Correios ajuíza dissídio coletivo de greve
Trabalhadores devem apresentar ao TST novo Acordo Coletivo de Trabalho que inclui reajuste salarial de 5%
PUBLICAÇÃO
terça-feira, 25 de agosto de 2020
Trabalhadores devem apresentar ao TST novo Acordo Coletivo de Trabalho que inclui reajuste salarial de 5%
Mie Francine Chiba - Grupo Folha 
Diante da discordância em relação ao ACT (Acordo Coletivo de Trabalho) 2020/2021, o Correios divulgou nesta terça-feira (25) o ajuizamento de Dissídio Coletivo de Greve no TST (Tribunal Superior do Trabalho). Os trabalhadores da estatal estão em greve desde o dia 18 e pedem o cumprimento das cláusulas do ACT homologado pelo TST (Tribunal Superior do Trabalho) e suspenso liminarmente pelo STF (Supremo Tribunal Federal).

Agora, a categoria deve apresentar ao TST um novo Acordo Coletivo de Trabalho que adiciona reajuste de 5% nos salários. "O ACT que tínhamos não previa reajustes neste ano. Já que foi rasgado, estamos apresentando ao TST um novo ACT, com 5% de aumento", disse Cristian Pires, diretor do Sintcom (Sindicato dos Trabalhadores em Empresas de Comunicações Postais, Telegráficas e Similares do Paraná) em Londrina.

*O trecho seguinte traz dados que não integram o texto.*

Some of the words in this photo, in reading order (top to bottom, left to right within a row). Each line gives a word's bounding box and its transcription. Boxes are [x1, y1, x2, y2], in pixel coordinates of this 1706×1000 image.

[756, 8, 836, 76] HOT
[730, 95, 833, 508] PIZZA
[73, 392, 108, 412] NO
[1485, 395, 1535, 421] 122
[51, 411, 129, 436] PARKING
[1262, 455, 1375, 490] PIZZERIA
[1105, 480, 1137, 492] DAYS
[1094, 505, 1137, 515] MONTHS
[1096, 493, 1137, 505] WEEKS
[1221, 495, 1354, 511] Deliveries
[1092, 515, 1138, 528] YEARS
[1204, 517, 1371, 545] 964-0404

Segundo ele, a categoria permanece em greve, com média de 80% de paralisação em nível nacional, até que a data do julgamento do dissídio seja definida pelo TST.

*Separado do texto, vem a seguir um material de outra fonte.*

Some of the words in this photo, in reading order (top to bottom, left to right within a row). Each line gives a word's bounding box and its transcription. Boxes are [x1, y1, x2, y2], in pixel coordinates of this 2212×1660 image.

Em nota, o Correios argumentou que se colocou à disposição dos trabalhadores para negociação do ACT 2020/2021. "Desde o início de julho, os Correios tentaram negociar com as entidades representativas dos empregados os termos do ACT. Dando continuidade às ações de fortalecimento de suas finanças e consequente preservação de sua sustentabilidade, a empresa apresentou uma proposta que visa a adequar os benefícios dos empregados à realidade do país e da estatal."

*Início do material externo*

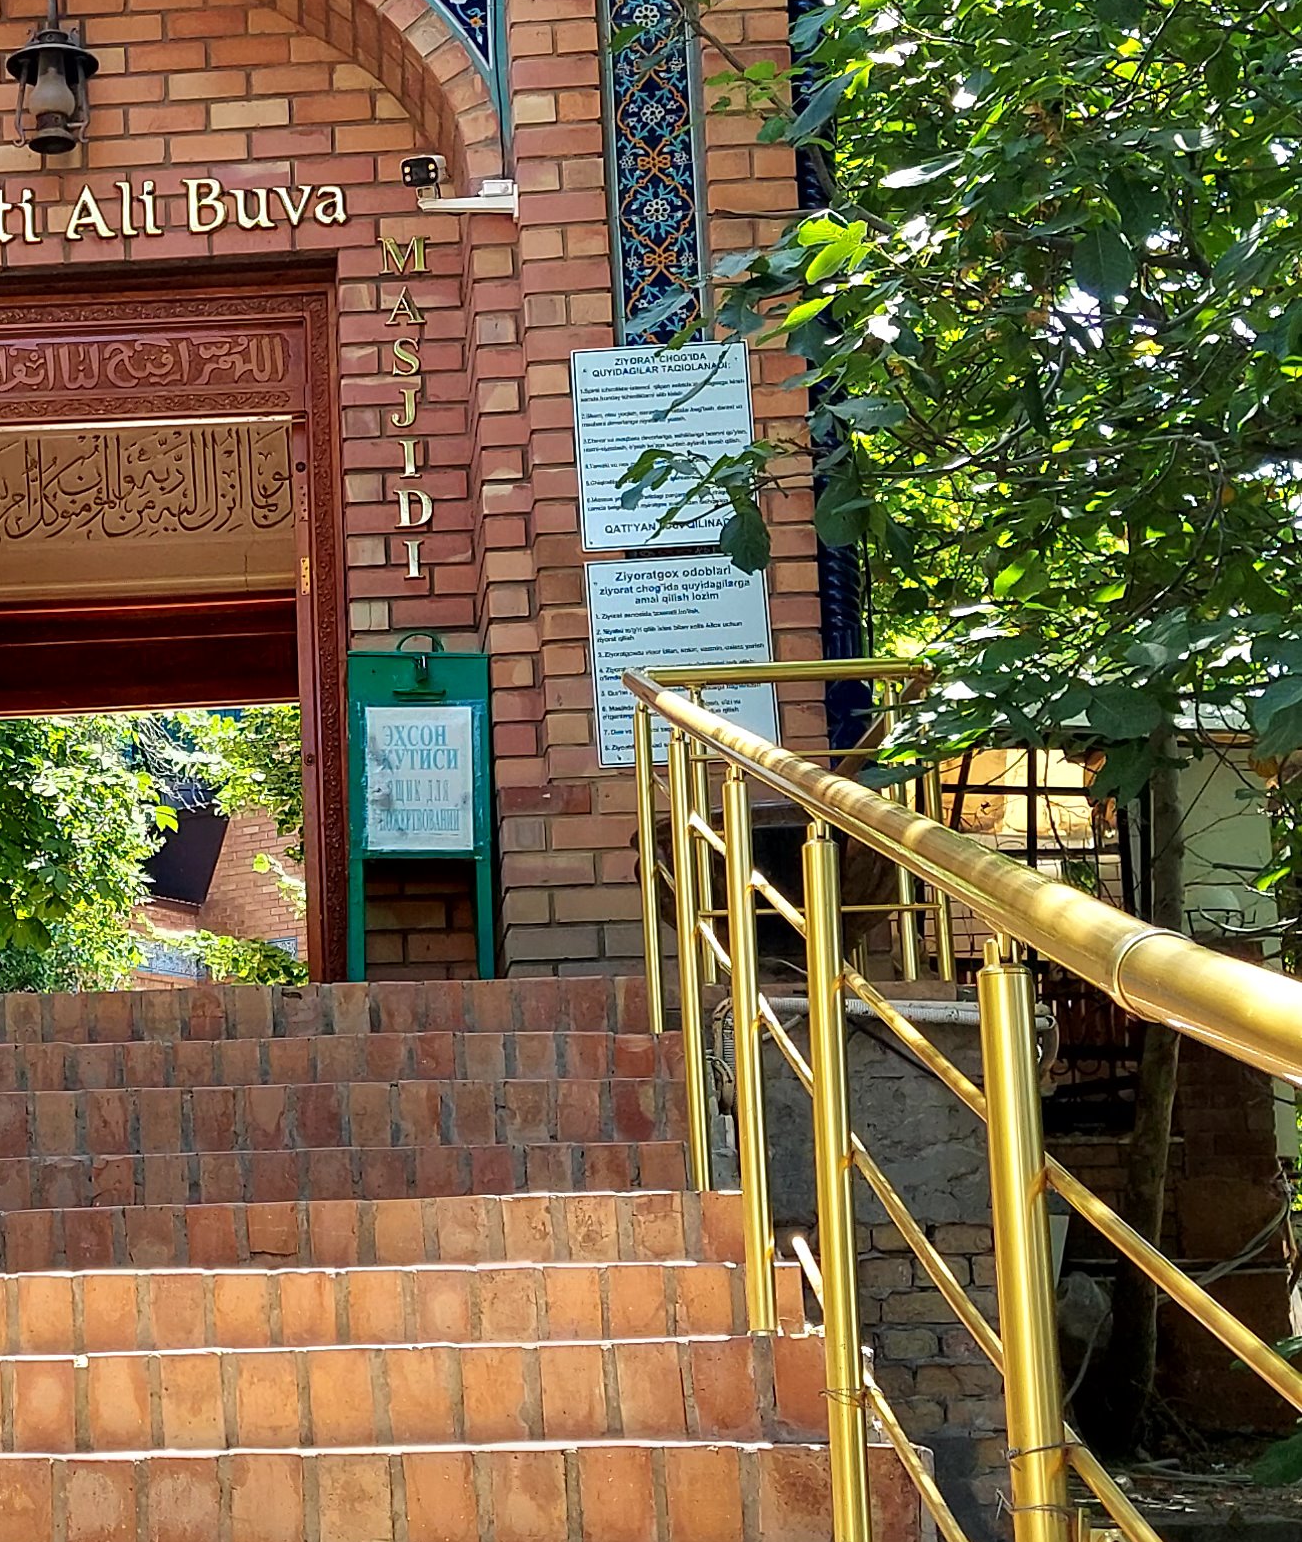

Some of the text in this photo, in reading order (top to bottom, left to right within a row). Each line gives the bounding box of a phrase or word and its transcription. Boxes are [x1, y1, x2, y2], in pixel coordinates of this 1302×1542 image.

[64, 178, 165, 241] Ali
[180, 176, 350, 235] Buva
[614, 355, 656, 366] ZIYORAT
[592, 365, 659, 378] QUYIDAGILAR
[376, 235, 434, 581] MASJIDI
[615, 565, 731, 584] Ziyoratgox odoblari
[599, 585, 634, 597] ziyorat
[681, 579, 750, 592] quyidagilarga
[635, 591, 719, 605] amal qilish lozim
[426, 779, 449, 805] ДЛЯ

A estatal alega ainda que a paralisação parcial em meio à pandemia traz prejuízos aos Correios e aos empreendedores brasileiros. "A empresa aguarda o retorno dos trabalhadores que aderiram ao movimento paredista o quanto antes, cientes de sua responsabilidade para com a população, já que agora toda a questão terá seu desfecho na justiça."